Students from six countries build immersive cultural pavilions at Chongqing University
The Silk Road Immersive Pavilion joint design course concluded over the weekend at Southwest China's Chongqing University, having brought together 33 students from six universities across China, Azerbaijan, Brunei, Indonesia, and Uzbekistan to develop interactive cultural heritage experiences.
The week-long course featured lectures, multisensory experiences, design development sessions, hands-on construction, and final presentations. Students designed and constructed seven full-scale immersive cultural pavilions, utilizing architecture, sound, scent, tactile elements, and interactions to breathe life into traditional cultures.

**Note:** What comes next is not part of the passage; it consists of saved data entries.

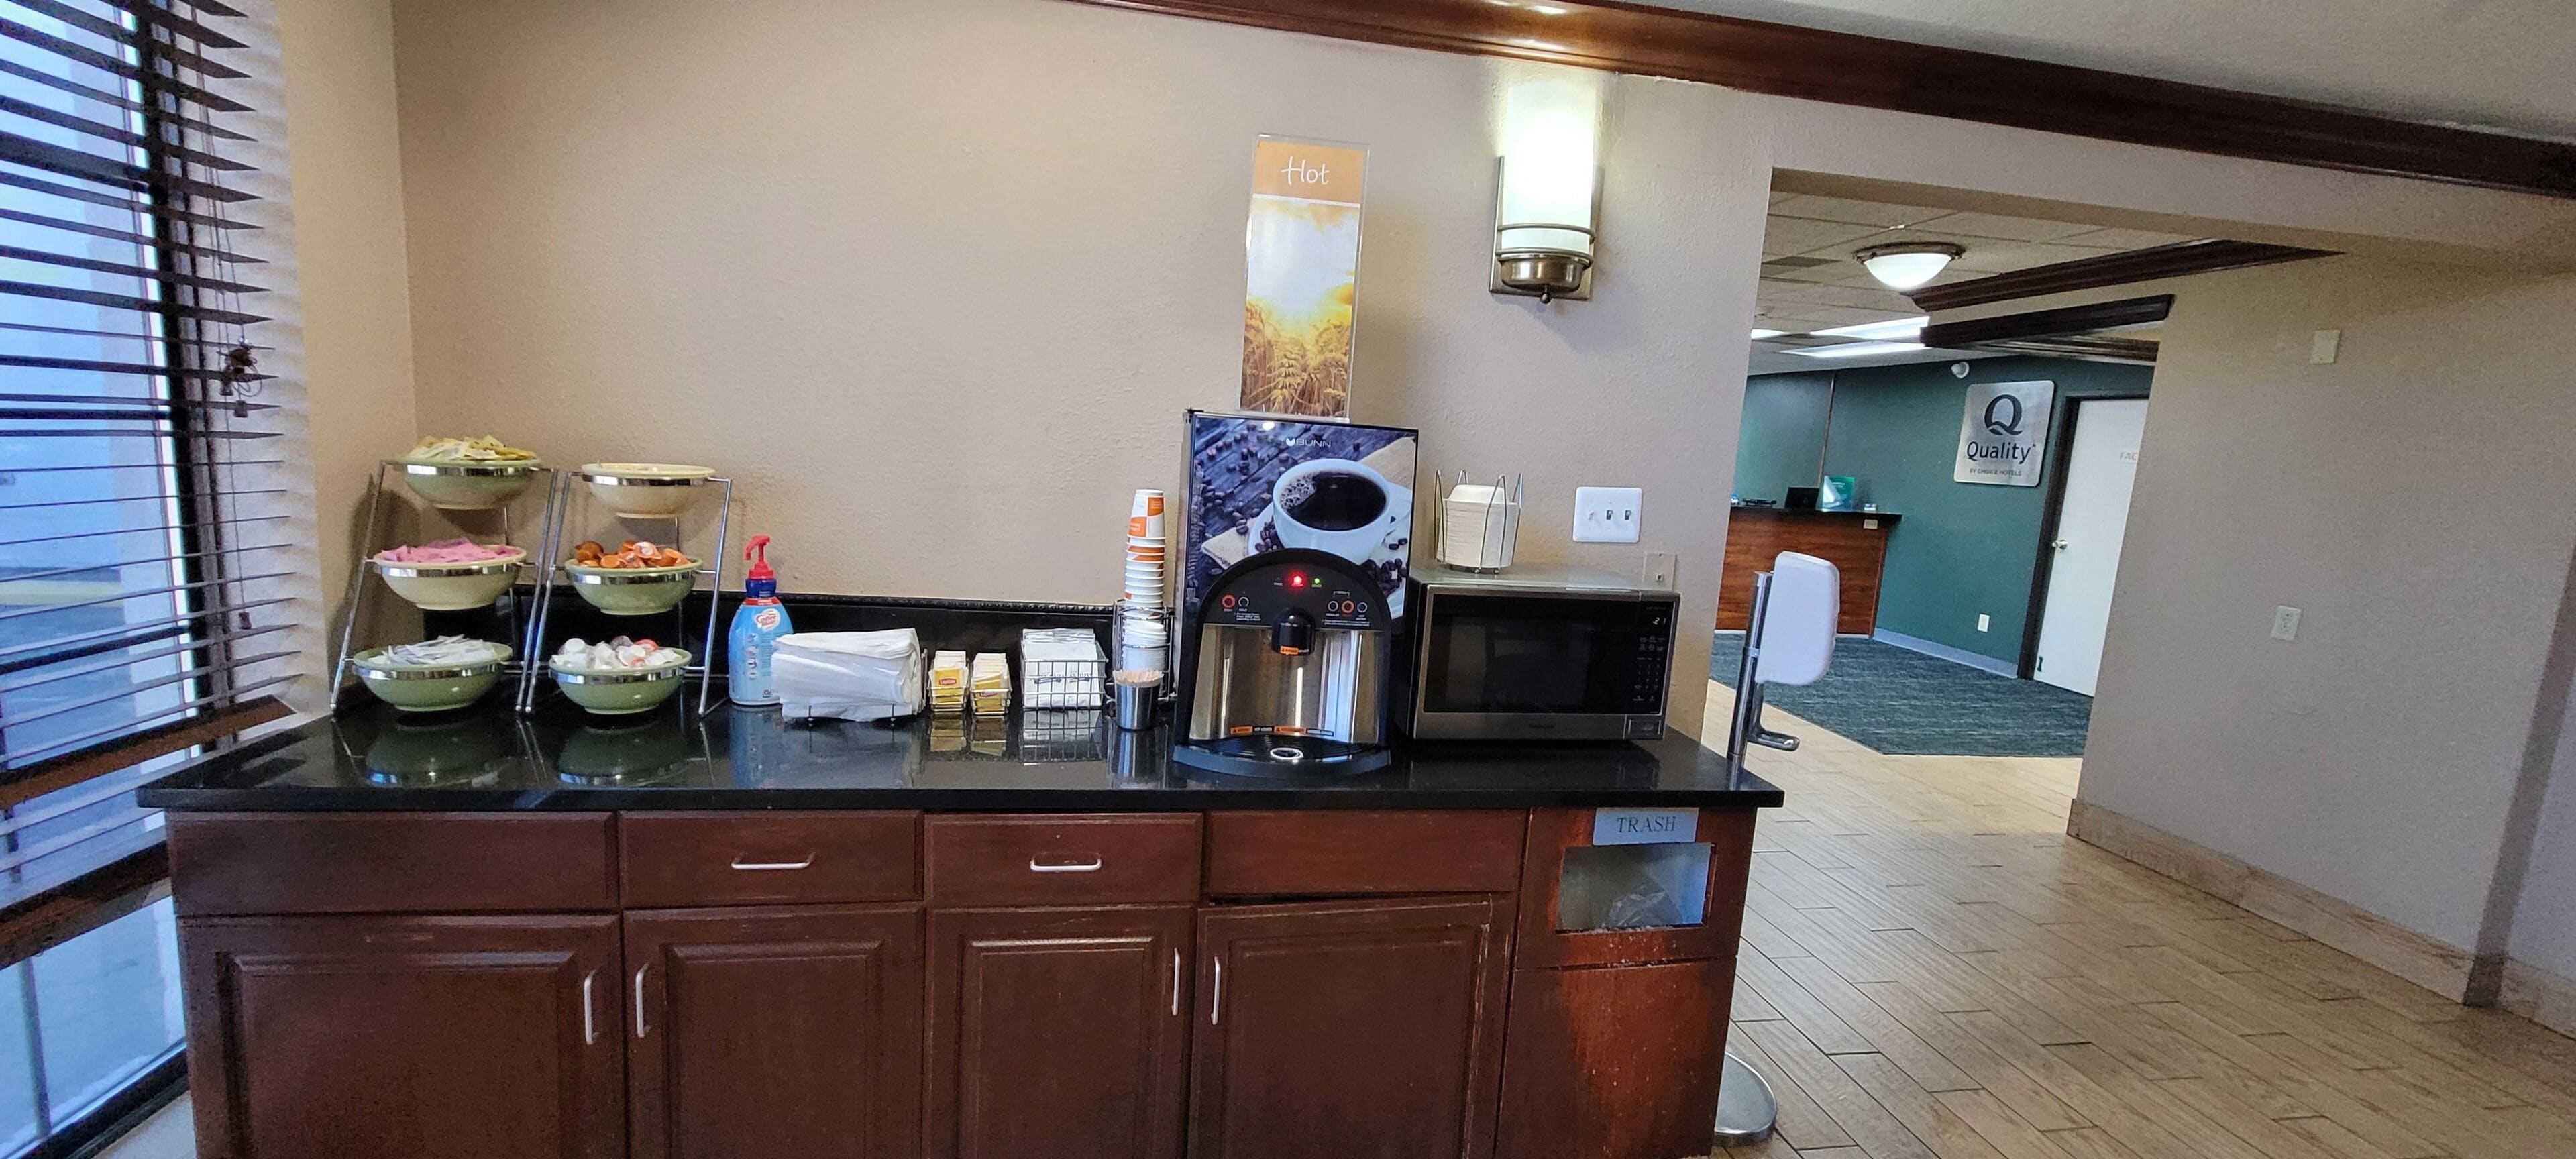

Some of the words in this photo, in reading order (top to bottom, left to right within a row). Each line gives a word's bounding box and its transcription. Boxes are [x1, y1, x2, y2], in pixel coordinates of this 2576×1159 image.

[1281, 156, 1330, 185] Hot
[1984, 394, 2023, 435] Q
[1295, 439, 1332, 448] BUNN
[1966, 441, 2031, 465] Quality
[1617, 816, 1677, 833] TRASH
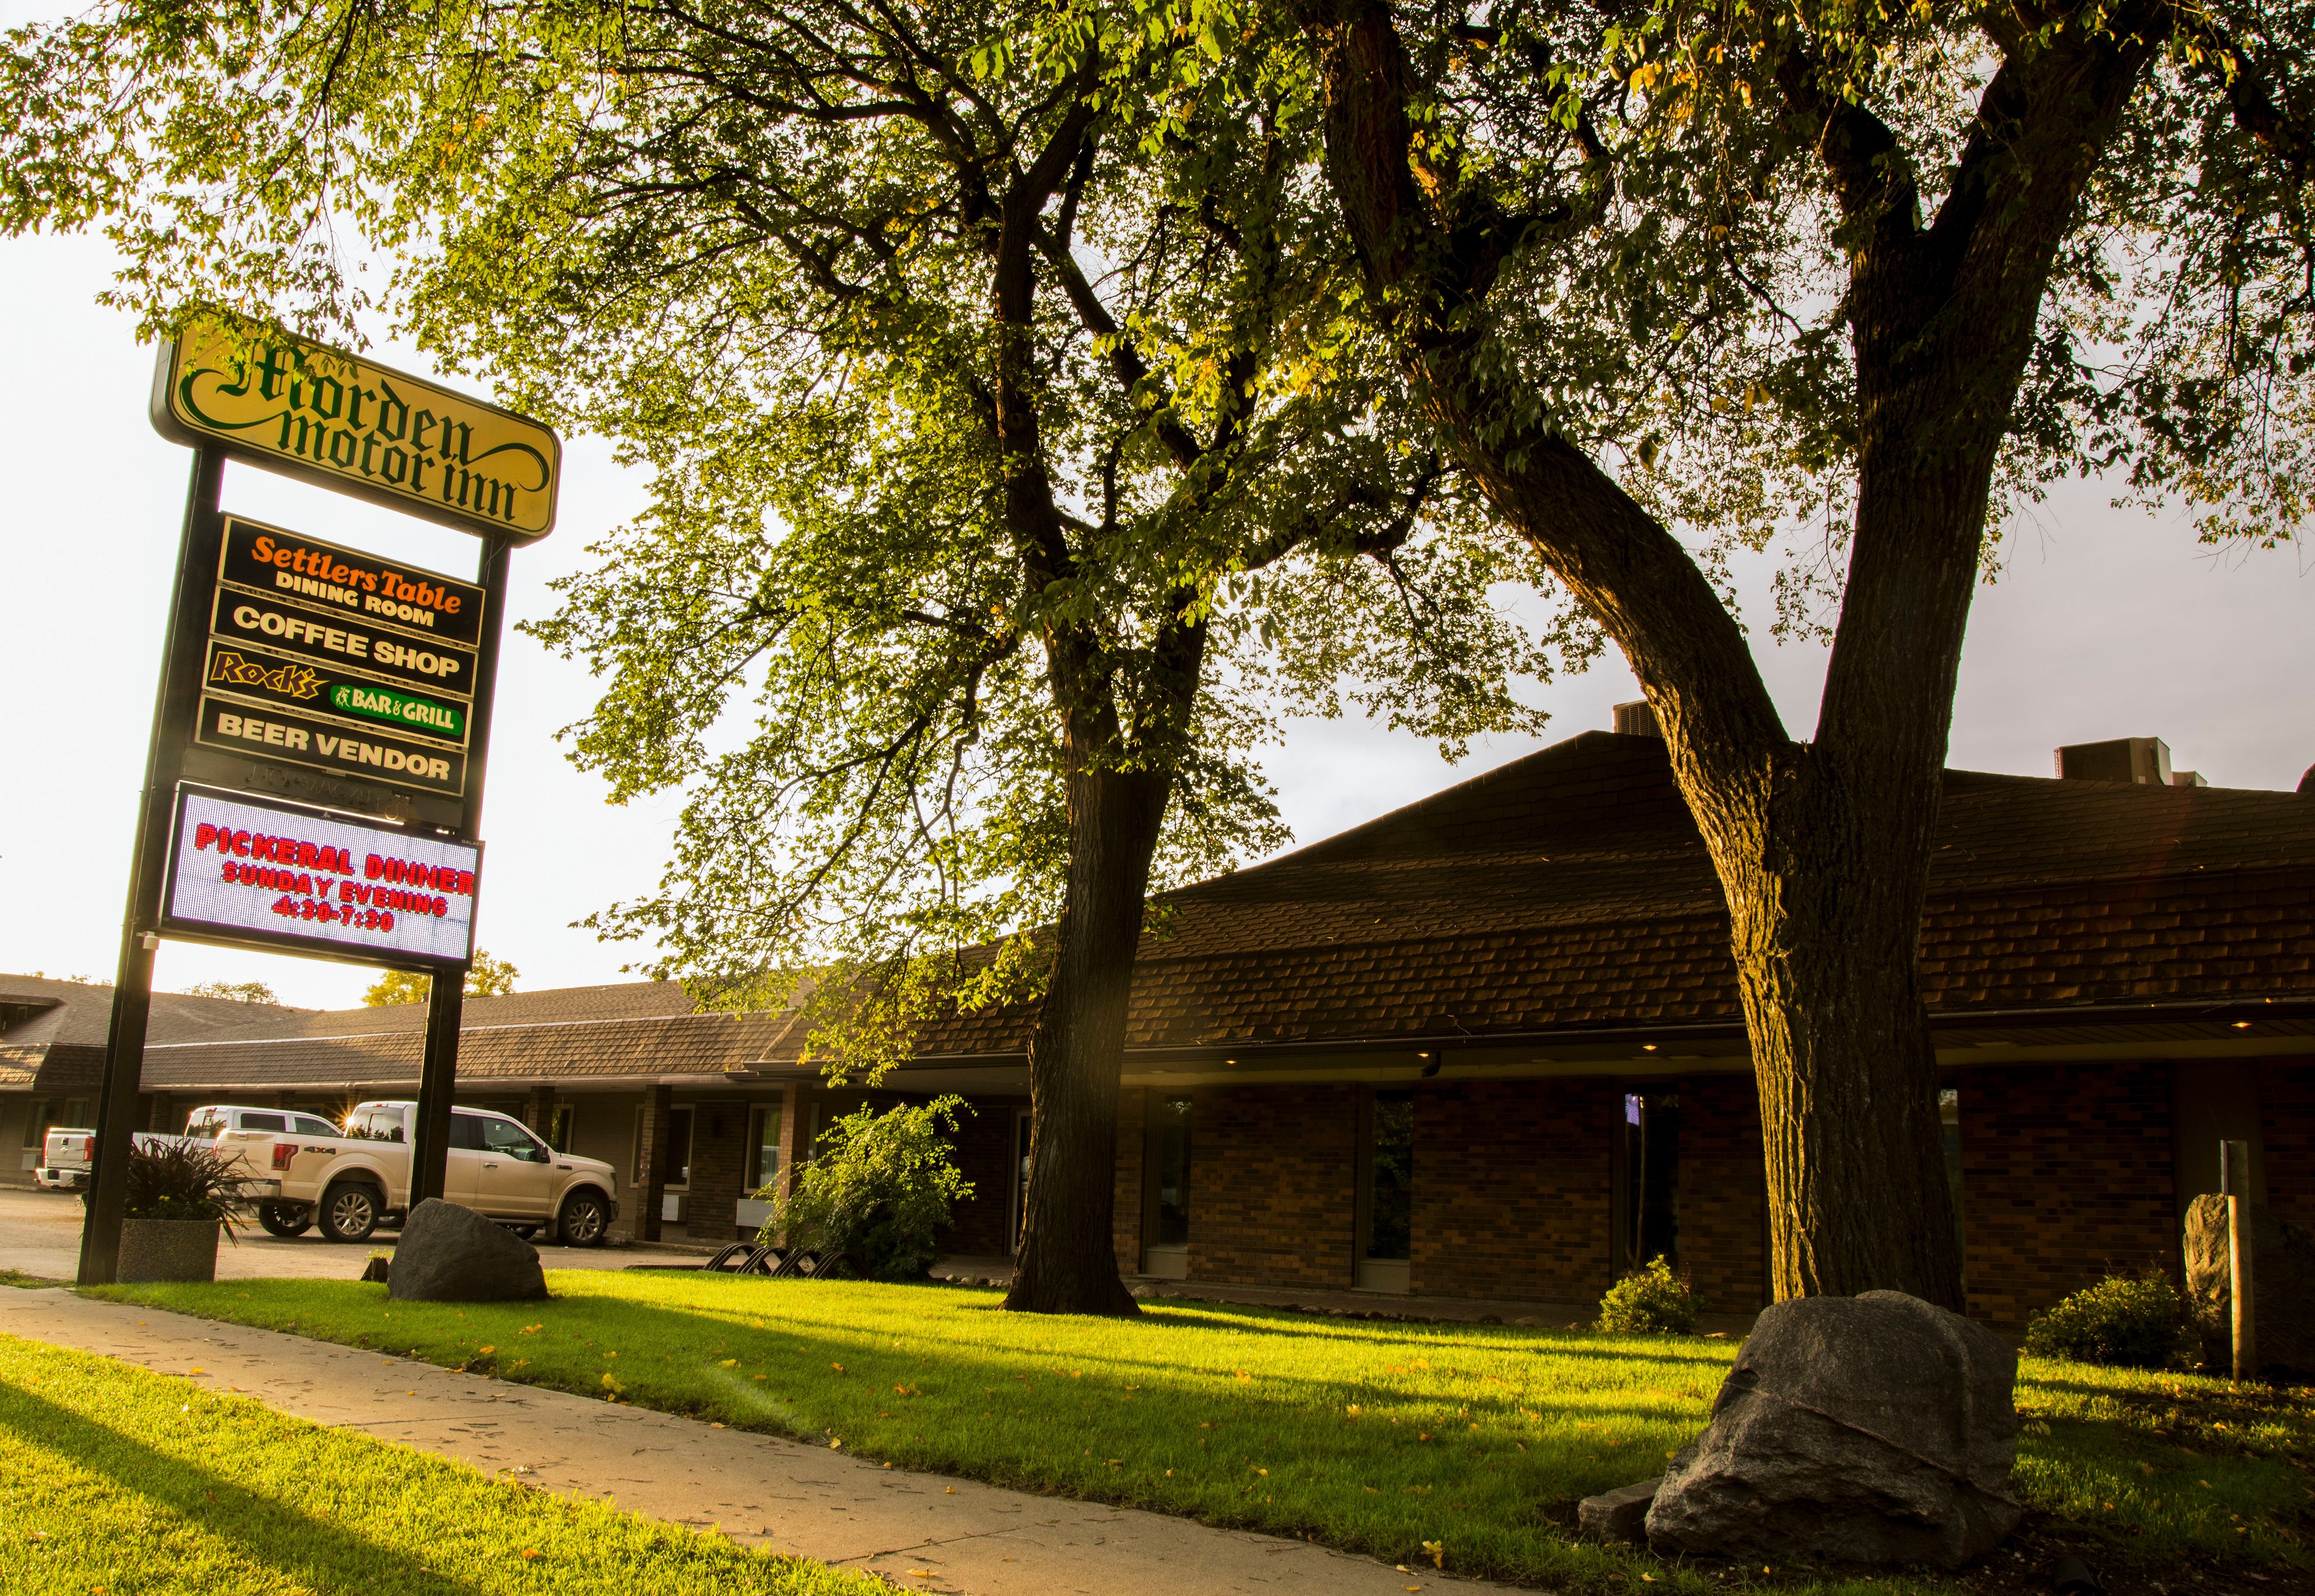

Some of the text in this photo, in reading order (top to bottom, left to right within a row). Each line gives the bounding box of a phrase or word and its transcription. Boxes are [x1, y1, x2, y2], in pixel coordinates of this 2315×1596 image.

[216, 338, 475, 466] Morden
[277, 409, 518, 522] motor inn
[251, 536, 461, 614] Settlers Table
[276, 571, 435, 627] DINING ROOM
[234, 606, 460, 677] COFFEE SHOP
[352, 688, 454, 729] BAR & GRILL
[217, 712, 450, 780] BEER VENDOR
[194, 823, 475, 897] PICKERAL DINNER
[222, 861, 448, 918] SUNDAY EVENING
[271, 894, 395, 933] 4:30-7:30

Among the highlights were the Chongqing University team's Bamboo Stream Veil Pavilion, inspired by teahouse culture, and the Tapak Trikala Urip, crafted by students from Indonesia's Institut Teknologi Bandung, which explored childhood, adulthood, and late life. The latter received the camp's Most Popular Pavilion Award.
According to the organizers, all seven pavilion projects will be exhibited in Brunei in late August as part of an international conference.
"This camp enabled Chinese students to work alongside their peers from different countries in design and construction," said Xie Hui, director of the Soundscape Research Center (X-scape Lab) at Chongqing University. "Through communication and collaboration, students gained a deeper understanding of one another's cultures and perspectives."